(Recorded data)
- - -

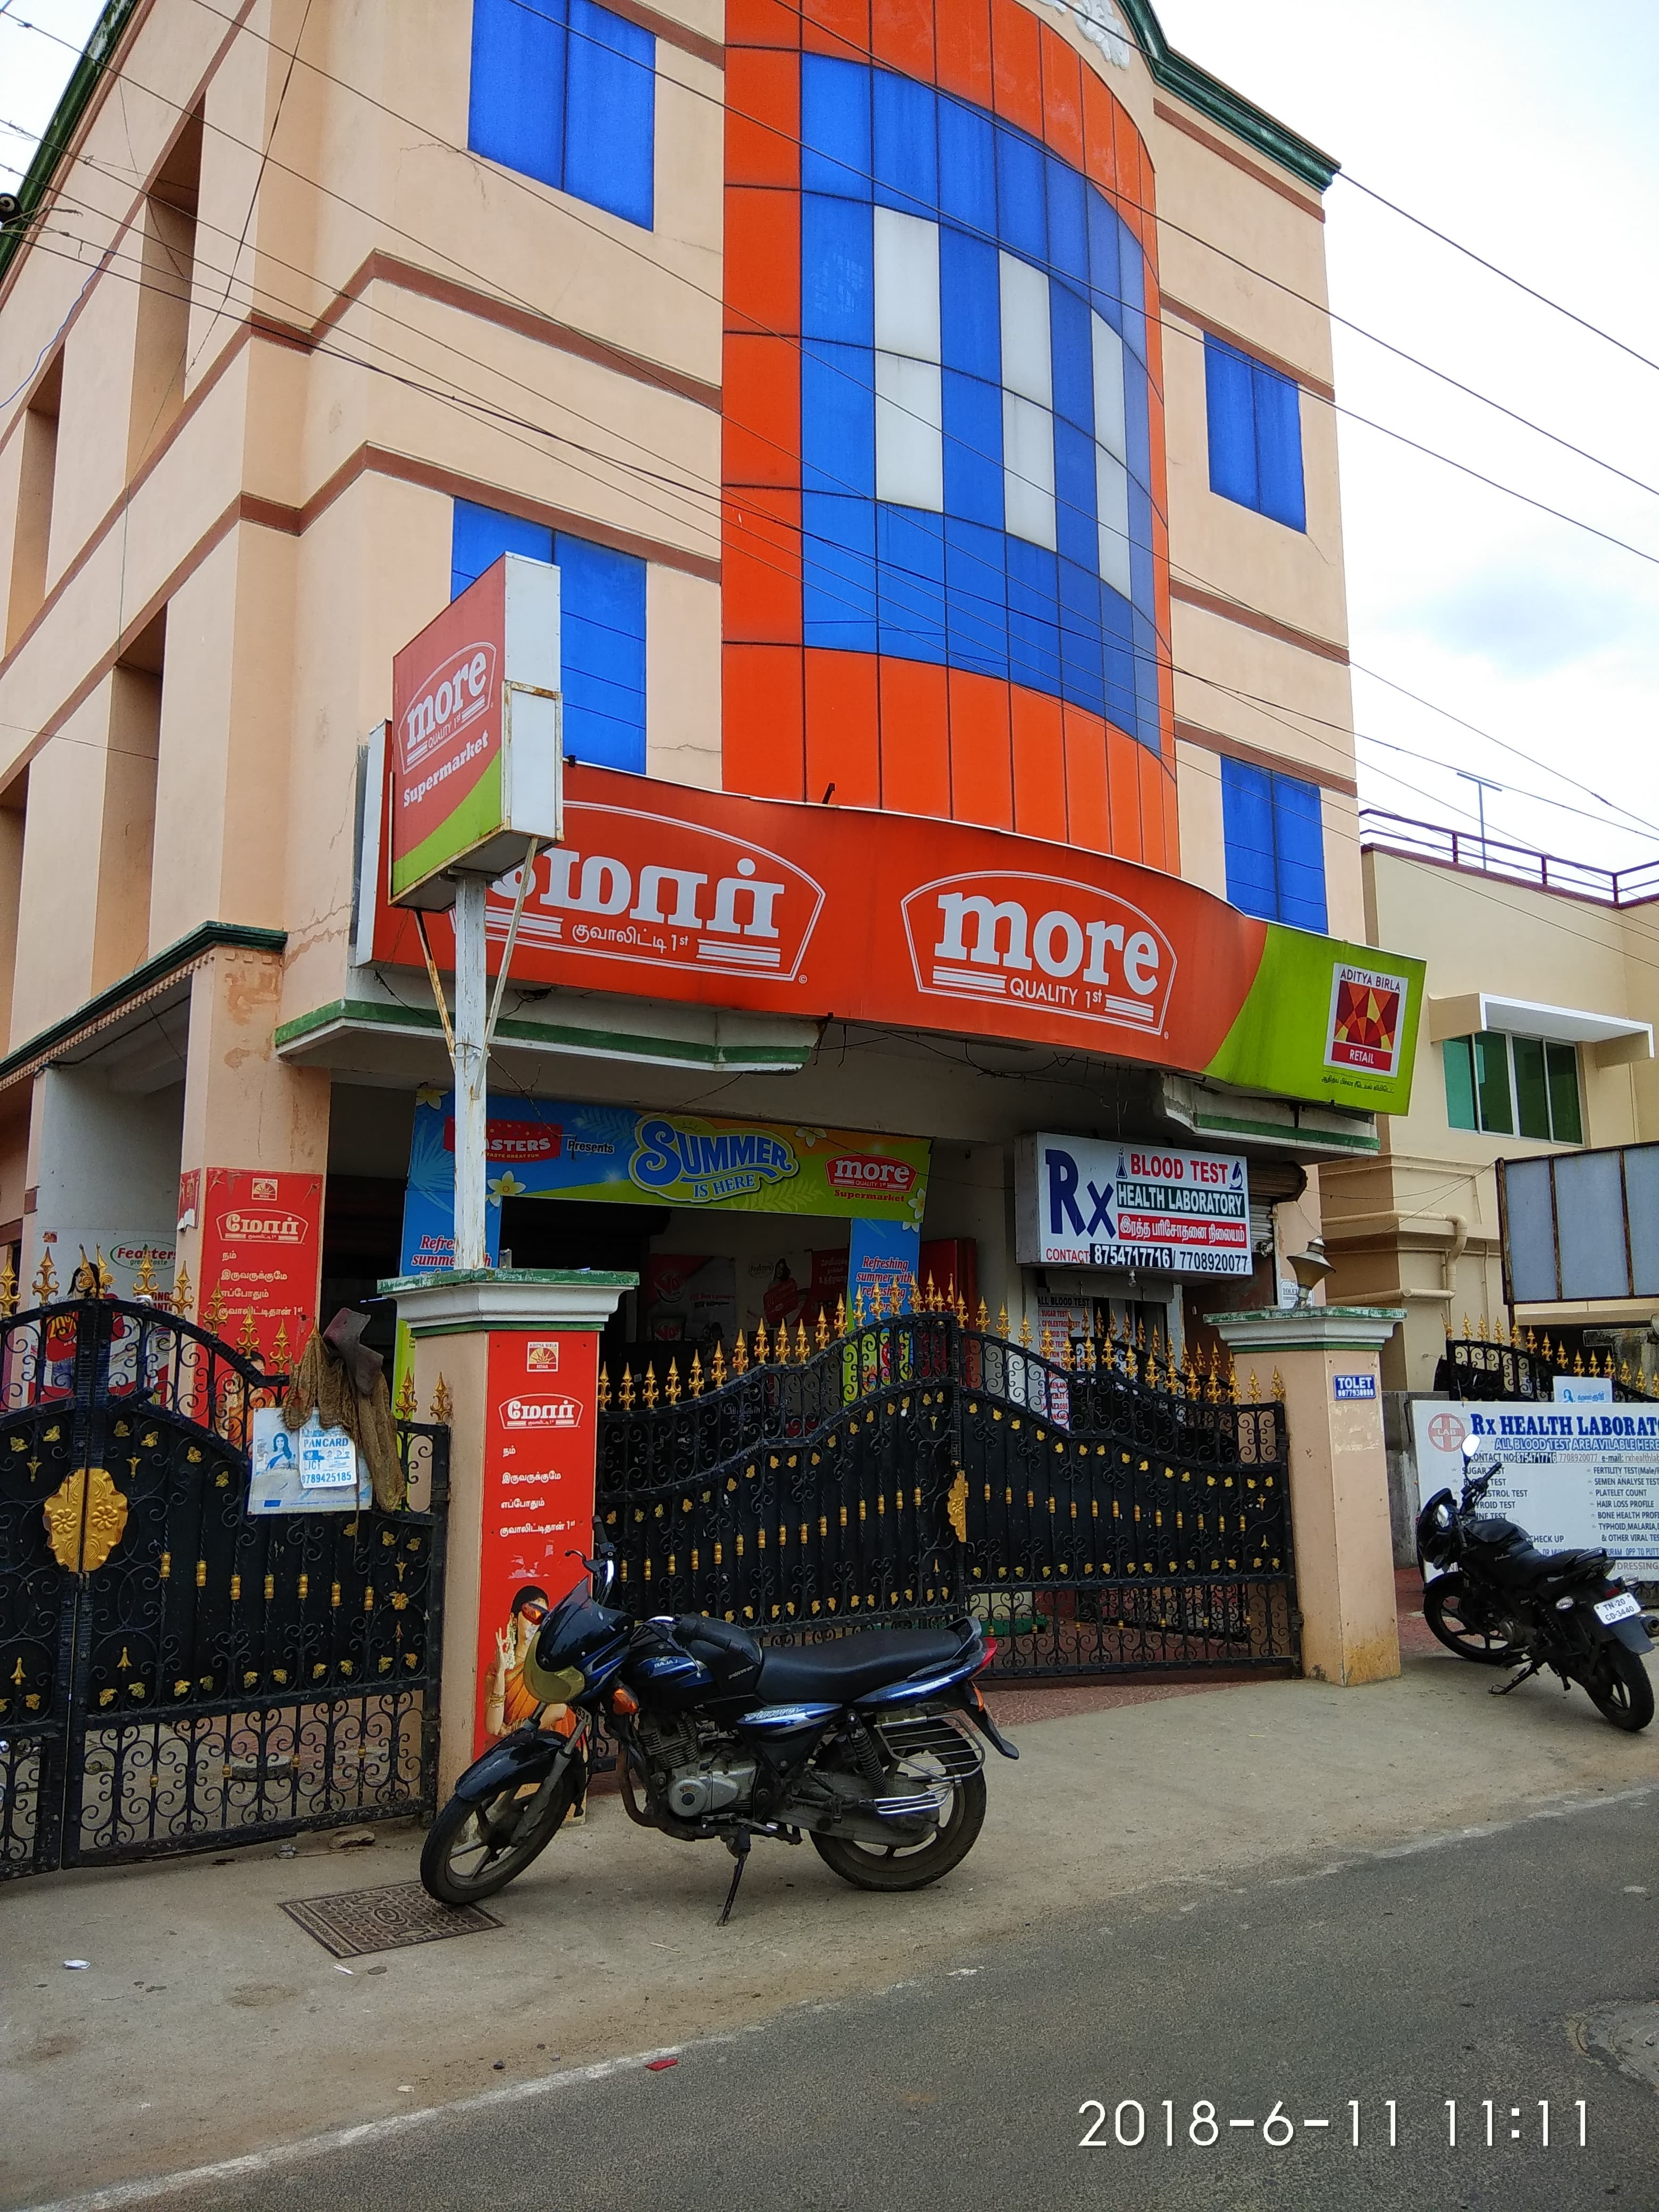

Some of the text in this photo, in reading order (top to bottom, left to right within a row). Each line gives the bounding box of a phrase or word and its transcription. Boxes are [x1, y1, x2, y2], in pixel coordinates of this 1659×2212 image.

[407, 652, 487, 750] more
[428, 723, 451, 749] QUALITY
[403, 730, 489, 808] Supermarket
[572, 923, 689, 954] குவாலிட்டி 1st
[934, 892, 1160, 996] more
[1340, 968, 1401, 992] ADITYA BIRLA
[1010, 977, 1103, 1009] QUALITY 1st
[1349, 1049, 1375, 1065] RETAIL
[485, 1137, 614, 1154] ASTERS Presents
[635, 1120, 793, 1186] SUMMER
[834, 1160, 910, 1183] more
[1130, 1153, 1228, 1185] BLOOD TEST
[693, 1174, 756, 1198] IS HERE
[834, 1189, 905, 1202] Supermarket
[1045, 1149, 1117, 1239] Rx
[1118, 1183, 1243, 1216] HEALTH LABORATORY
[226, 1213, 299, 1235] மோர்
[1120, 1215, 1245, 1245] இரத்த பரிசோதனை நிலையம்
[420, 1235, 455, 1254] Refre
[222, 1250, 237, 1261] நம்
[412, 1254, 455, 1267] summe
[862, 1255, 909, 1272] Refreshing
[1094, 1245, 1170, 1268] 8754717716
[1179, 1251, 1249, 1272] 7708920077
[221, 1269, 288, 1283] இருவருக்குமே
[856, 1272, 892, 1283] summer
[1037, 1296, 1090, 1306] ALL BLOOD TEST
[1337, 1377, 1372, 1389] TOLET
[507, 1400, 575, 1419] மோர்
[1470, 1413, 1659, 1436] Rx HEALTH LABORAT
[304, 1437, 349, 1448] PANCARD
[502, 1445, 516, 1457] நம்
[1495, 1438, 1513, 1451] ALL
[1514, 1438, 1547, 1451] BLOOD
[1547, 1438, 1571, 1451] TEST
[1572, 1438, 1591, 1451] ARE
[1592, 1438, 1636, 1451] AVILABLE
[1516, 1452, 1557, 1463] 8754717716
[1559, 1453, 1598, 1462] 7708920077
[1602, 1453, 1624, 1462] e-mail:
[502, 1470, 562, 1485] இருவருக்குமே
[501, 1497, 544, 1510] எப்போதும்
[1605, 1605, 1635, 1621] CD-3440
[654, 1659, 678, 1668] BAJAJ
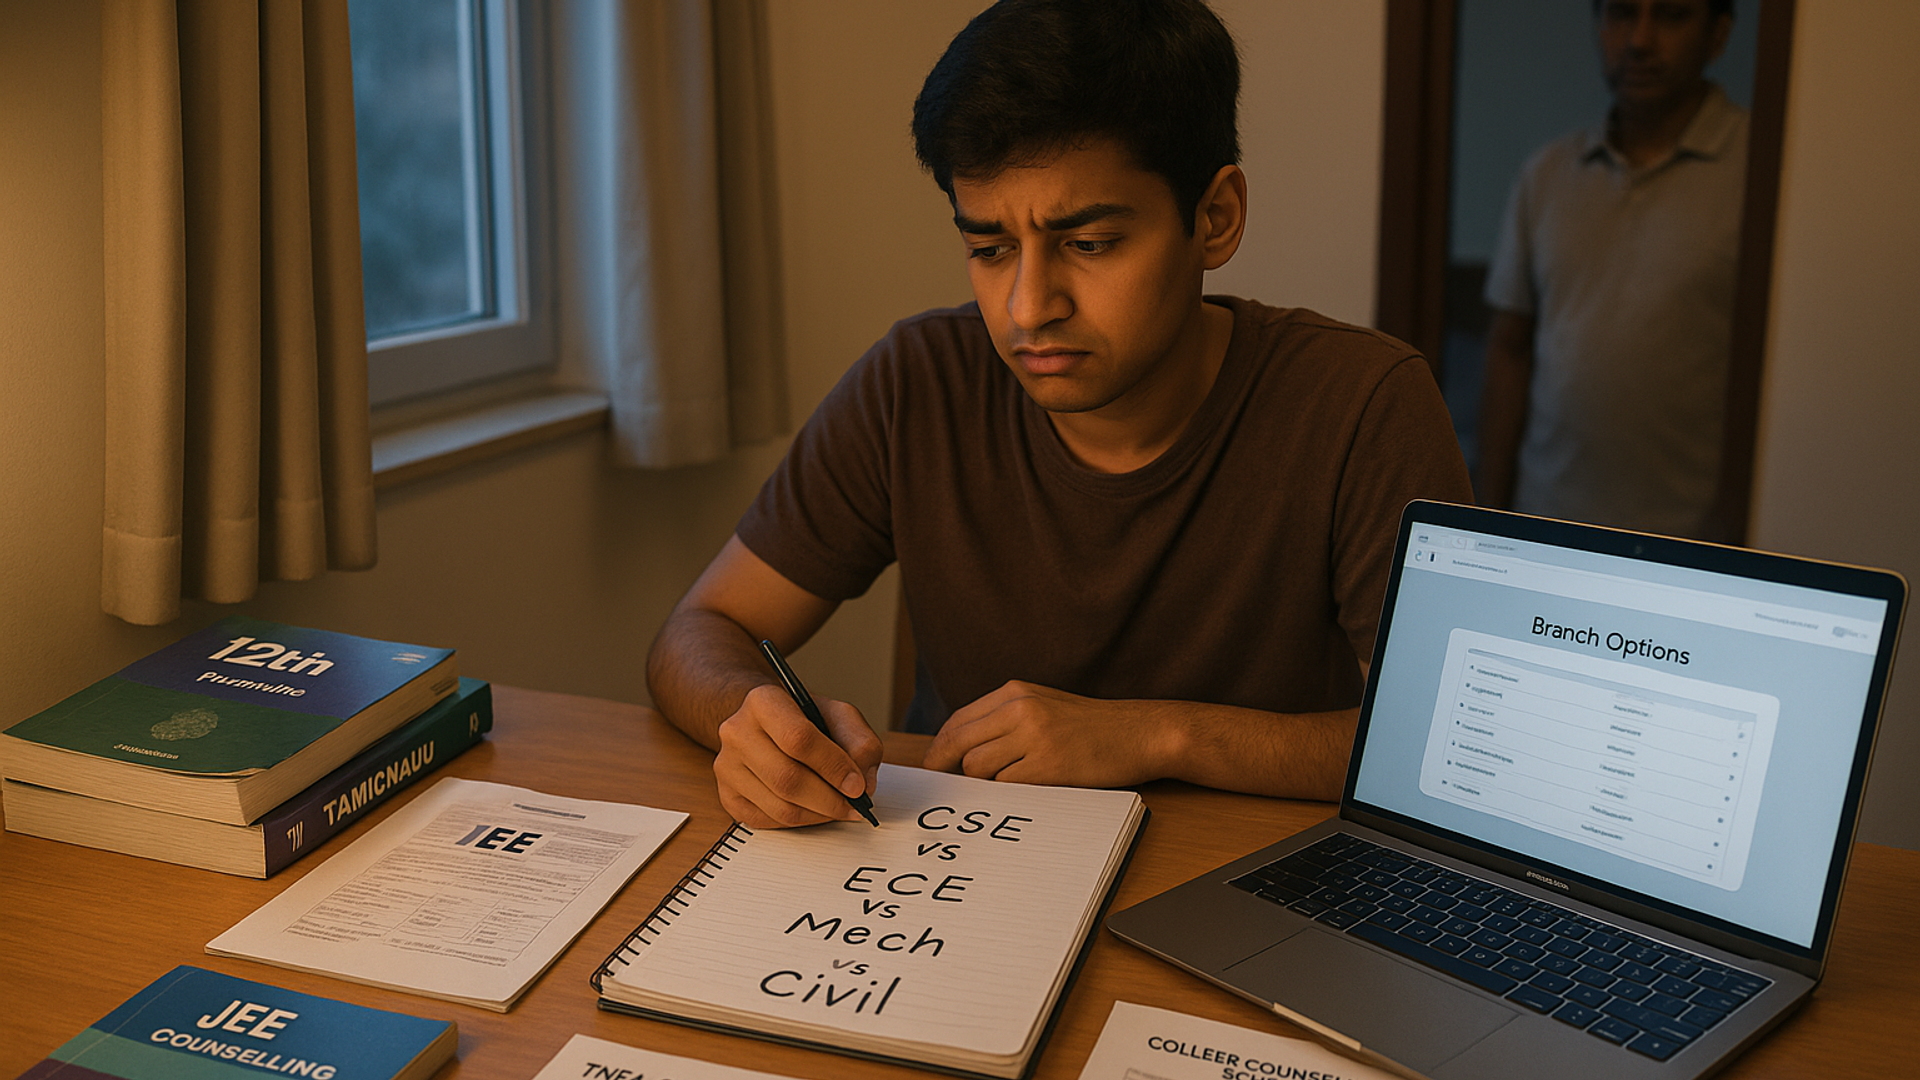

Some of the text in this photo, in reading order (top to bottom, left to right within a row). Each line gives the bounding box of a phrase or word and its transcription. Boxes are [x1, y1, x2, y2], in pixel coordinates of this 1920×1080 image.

- - -

> _Prompt_
Skipping any pictures, copy the entries exactly as they appear.

> _Written response_
Some of the text in this photo, in reading order (top to bottom, left to right within a row). Each line gives the bounding box of a phrase or word and its transcription. Boxes are [x1, y1, x2, y2], in pixel coordinates of this 1659×2212 image.

[407, 652, 487, 750] more
[428, 723, 451, 749] QUALITY
[403, 730, 489, 808] Supermarket
[572, 923, 689, 954] குவாலிட்டி 1st
[934, 892, 1160, 996] more
[1340, 968, 1401, 992] ADITYA BIRLA
[1010, 977, 1103, 1009] QUALITY 1st
[1349, 1049, 1375, 1065] RETAIL
[485, 1137, 614, 1154] ASTERS Presents
[635, 1120, 793, 1186] SUMMER
[834, 1160, 910, 1183] more
[1130, 1153, 1228, 1185] BLOOD TEST
[693, 1174, 756, 1198] IS HERE
[834, 1189, 905, 1202] Supermarket
[1045, 1149, 1117, 1239] Rx
[1118, 1183, 1243, 1216] HEALTH LABORATORY
[226, 1213, 299, 1235] மோர்
[1120, 1215, 1245, 1245] இரத்த பரிசோதனை நிலையம்
[420, 1235, 455, 1254] Refre
[222, 1250, 237, 1261] நம்
[412, 1254, 455, 1267] summe
[862, 1255, 909, 1272] Refreshing
[1094, 1245, 1170, 1268] 8754717716
[1179, 1251, 1249, 1272] 7708920077
[221, 1269, 288, 1283] இருவருக்குமே
[856, 1272, 892, 1283] summer
[1037, 1296, 1090, 1306] ALL BLOOD TEST
[1337, 1377, 1372, 1389] TOLET
[507, 1400, 575, 1419] மோர்
[1470, 1413, 1659, 1436] Rx HEALTH LABORAT
[304, 1437, 349, 1448] PANCARD
[502, 1445, 516, 1457] நம்
[1495, 1438, 1513, 1451] ALL
[1514, 1438, 1547, 1451] BLOOD
[1547, 1438, 1571, 1451] TEST
[1572, 1438, 1591, 1451] ARE
[1592, 1438, 1636, 1451] AVILABLE
[1516, 1452, 1557, 1463] 8754717716
[1559, 1453, 1598, 1462] 7708920077
[1602, 1453, 1624, 1462] e-mail:
[502, 1470, 562, 1485] இருவருக்குமே
[501, 1497, 544, 1510] எப்போதும்
[1605, 1605, 1635, 1621] CD-3440
[654, 1659, 678, 1668] BAJAJ

Some of the text in this photo, in reading order (top to bottom, left to right within a row). Each line gives the bounding box of a phrase or word and its transcription. Boxes are [x1, y1, x2, y2], in pixel coordinates of this 1920×1080 image.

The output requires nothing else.